Restate the data below word for word, and let no image into your version.

____ ENTRIES PROVIDED

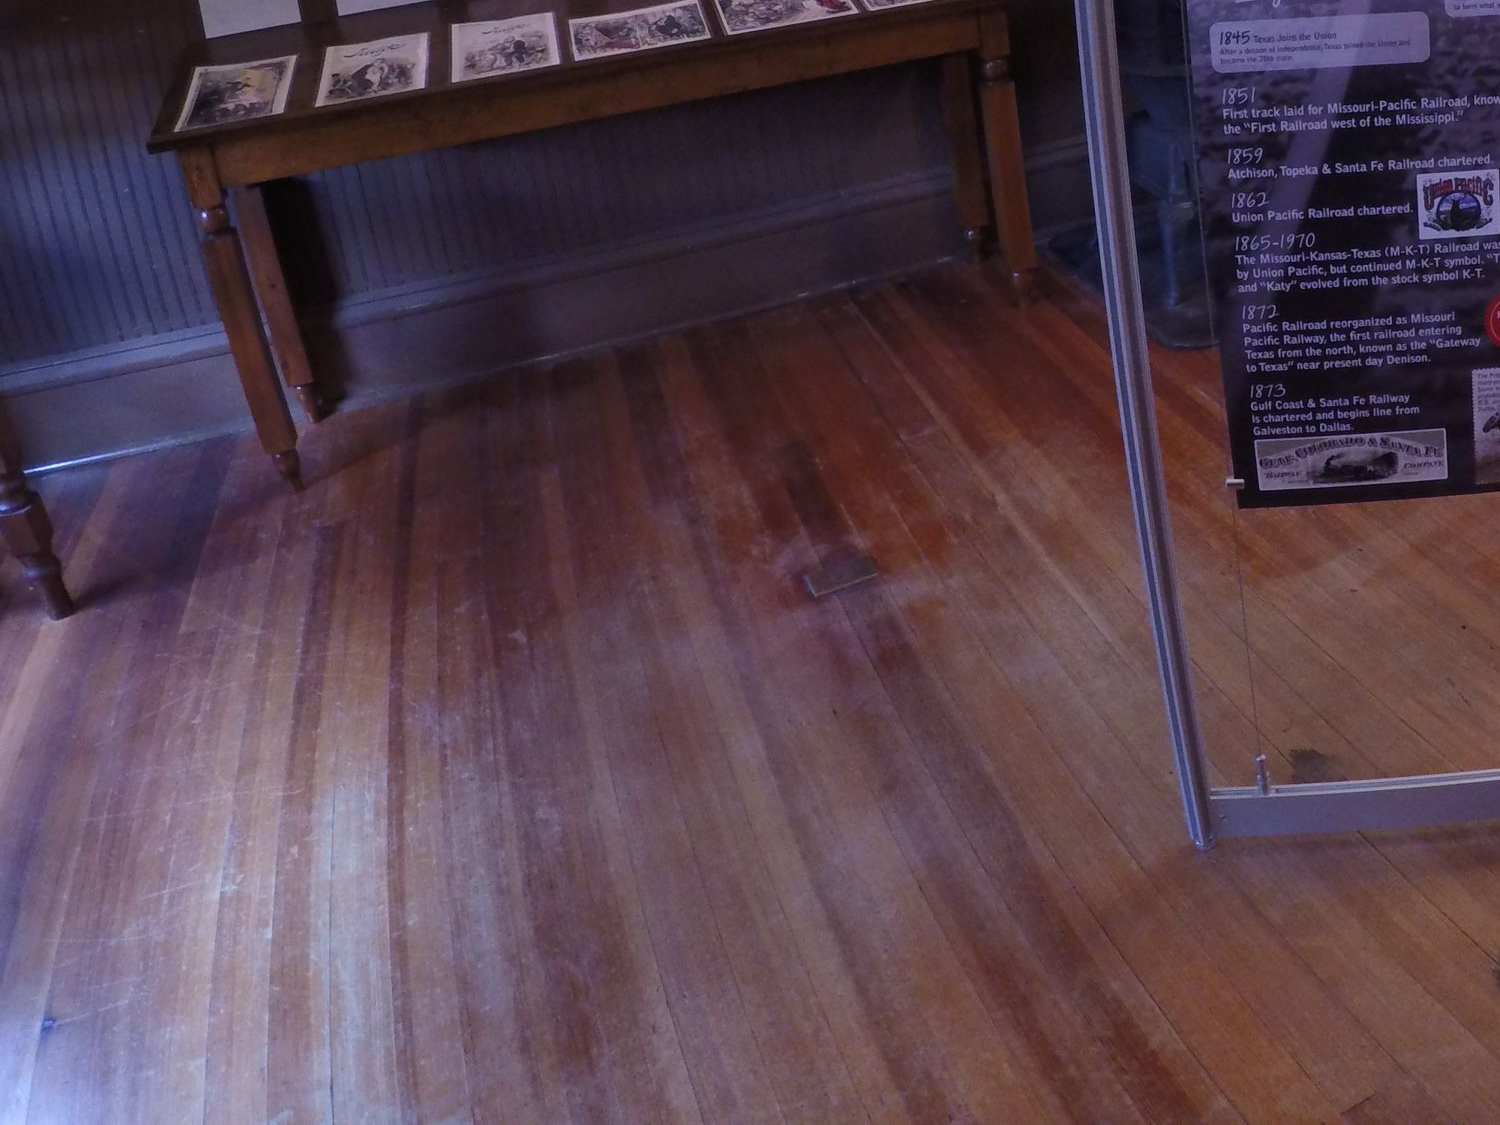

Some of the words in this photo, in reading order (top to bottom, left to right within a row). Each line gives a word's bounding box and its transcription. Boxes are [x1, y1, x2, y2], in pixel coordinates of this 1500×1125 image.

[1219, 29, 1251, 45] 1845
[1253, 34, 1275, 44] Texas
[1276, 33, 1298, 43] Joins
[1298, 32, 1312, 42] the
[1314, 31, 1337, 40] Union
[1222, 86, 1257, 105] 1851
[1222, 108, 1248, 120] First
[1252, 107, 1280, 119] track
[1283, 105, 1304, 116] laid
[1306, 103, 1324, 115] for
[1326, 98, 1417, 114] Missouri-Pacific
[1420, 96, 1471, 111] Railroad,
[1223, 123, 1241, 135] the
[1243, 121, 1278, 134] “First
[1280, 118, 1328, 131] Railroad
[1331, 118, 1357, 129] west
[1358, 115, 1371, 128] of
[1373, 114, 1392, 127] the
[1395, 108, 1464, 125] Mississippi.”
[1227, 146, 1263, 165] 1859
[1228, 167, 1278, 180] Atchison,
[1280, 165, 1318, 178] Topeka
[1321, 162, 1332, 174] &
[1334, 162, 1368, 174] Santa
[1370, 159, 1384, 171] Fe
[1388, 157, 1435, 170] Railroad
[1437, 155, 1494, 167] chartered.
[1231, 191, 1269, 209] 1862
[1231, 211, 1264, 223] Union
[1266, 207, 1305, 221] Pacific
[1307, 205, 1355, 219] Railroad
[1356, 202, 1414, 216] chartered.
[1235, 231, 1316, 252] 1865-1970
[1241, 303, 1280, 320] 1872
[1249, 382, 1286, 399] 1873
[1252, 425, 1303, 436] Galveston
[1304, 424, 1317, 433] to
[1319, 421, 1354, 432] Dallas.

________

> _WRITTEN SOLUTION_:
Some of the words in this photo, in reading order (top to bottom, left to right within a row). Each line gives a word's bounding box and its transcription. Boxes are [x1, y1, x2, y2], in pixel coordinates of this 1500×1125 image.

[1219, 29, 1251, 45] 1845
[1253, 34, 1275, 44] Texas
[1276, 33, 1298, 43] Joins
[1298, 32, 1312, 42] the
[1314, 31, 1337, 40] Union
[1222, 86, 1257, 105] 1851
[1222, 108, 1248, 120] First
[1252, 107, 1280, 119] track
[1283, 105, 1304, 116] laid
[1306, 103, 1324, 115] for
[1326, 98, 1417, 114] Missouri-Pacific
[1420, 96, 1471, 111] Railroad,
[1223, 123, 1241, 135] the
[1243, 121, 1278, 134] “First
[1280, 118, 1328, 131] Railroad
[1331, 118, 1357, 129] west
[1358, 115, 1371, 128] of
[1373, 114, 1392, 127] the
[1395, 108, 1464, 125] Mississippi.”
[1227, 146, 1263, 165] 1859
[1228, 167, 1278, 180] Atchison,
[1280, 165, 1318, 178] Topeka
[1321, 162, 1332, 174] &
[1334, 162, 1368, 174] Santa
[1370, 159, 1384, 171] Fe
[1388, 157, 1435, 170] Railroad
[1437, 155, 1494, 167] chartered.
[1231, 191, 1269, 209] 1862
[1231, 211, 1264, 223] Union
[1266, 207, 1305, 221] Pacific
[1307, 205, 1355, 219] Railroad
[1356, 202, 1414, 216] chartered.
[1235, 231, 1316, 252] 1865-1970
[1241, 303, 1280, 320] 1872
[1249, 382, 1286, 399] 1873
[1252, 425, 1303, 436] Galveston
[1304, 424, 1317, 433] to
[1319, 421, 1354, 432] Dallas.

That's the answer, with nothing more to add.